[Records excerpted from a collection]
[Start of section]

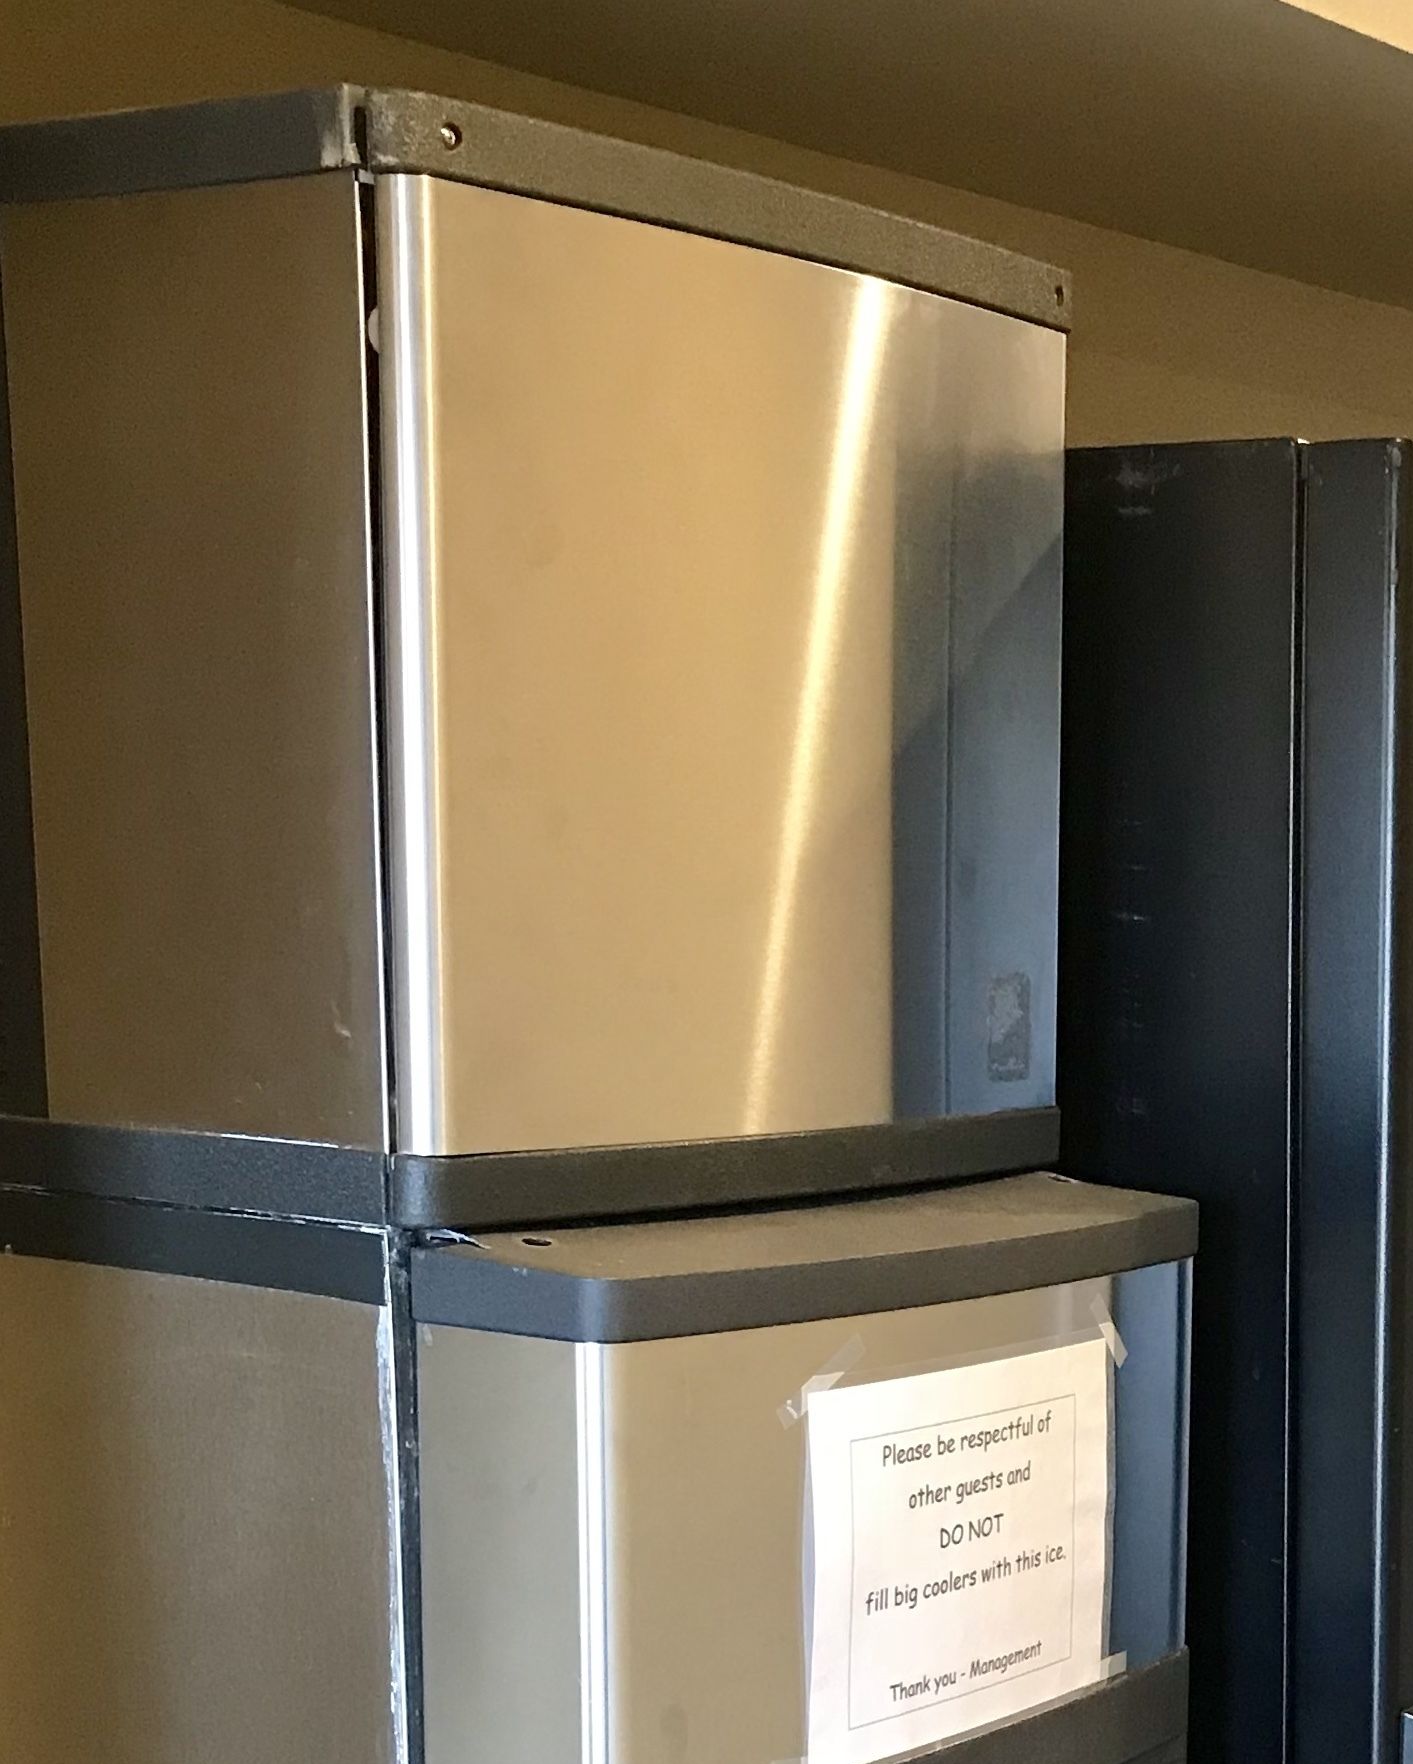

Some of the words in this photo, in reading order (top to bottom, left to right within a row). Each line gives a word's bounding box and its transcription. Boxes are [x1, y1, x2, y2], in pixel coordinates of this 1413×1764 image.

[883, 1443, 932, 1467] Please
[937, 1435, 956, 1455] be
[960, 1415, 1033, 1452] respectful
[1037, 1410, 1052, 1433] of
[909, 1484, 951, 1509] other
[956, 1472, 1003, 1504] guests
[1007, 1461, 1031, 1486] and
[940, 1524, 964, 1549] DO
[969, 1513, 1004, 1541] NOT
[865, 1588, 888, 1616] fill
[894, 1584, 918, 1609] big
[923, 1570, 977, 1599] coolers
[981, 1558, 1011, 1583] with
[1015, 1550, 1041, 1573] this
[1045, 1546, 1066, 1564] ice.
[889, 1675, 931, 1702] Thank
[934, 1672, 957, 1695] you
[969, 1640, 1042, 1679] Management

[End of section]

* WORK TO COMPLETE
Return all of the records above exactly as written. Omit each picture.

* REPLY TO THE TASK
Some of the words in this photo, in reading order (top to bottom, left to right within a row). Each line gives a word's bounding box and its transcription. Boxes are [x1, y1, x2, y2], in pixel coordinates of this 1413×1764 image.

[883, 1443, 932, 1467] Please
[937, 1435, 956, 1455] be
[960, 1415, 1033, 1452] respectful
[1037, 1410, 1052, 1433] of
[909, 1484, 951, 1509] other
[956, 1472, 1003, 1504] guests
[1007, 1461, 1031, 1486] and
[940, 1524, 964, 1549] DO
[969, 1513, 1004, 1541] NOT
[865, 1588, 888, 1616] fill
[894, 1584, 918, 1609] big
[923, 1570, 977, 1599] coolers
[981, 1558, 1011, 1583] with
[1015, 1550, 1041, 1573] this
[1045, 1546, 1066, 1564] ice.
[889, 1675, 931, 1702] Thank
[934, 1672, 957, 1695] you
[969, 1640, 1042, 1679] Management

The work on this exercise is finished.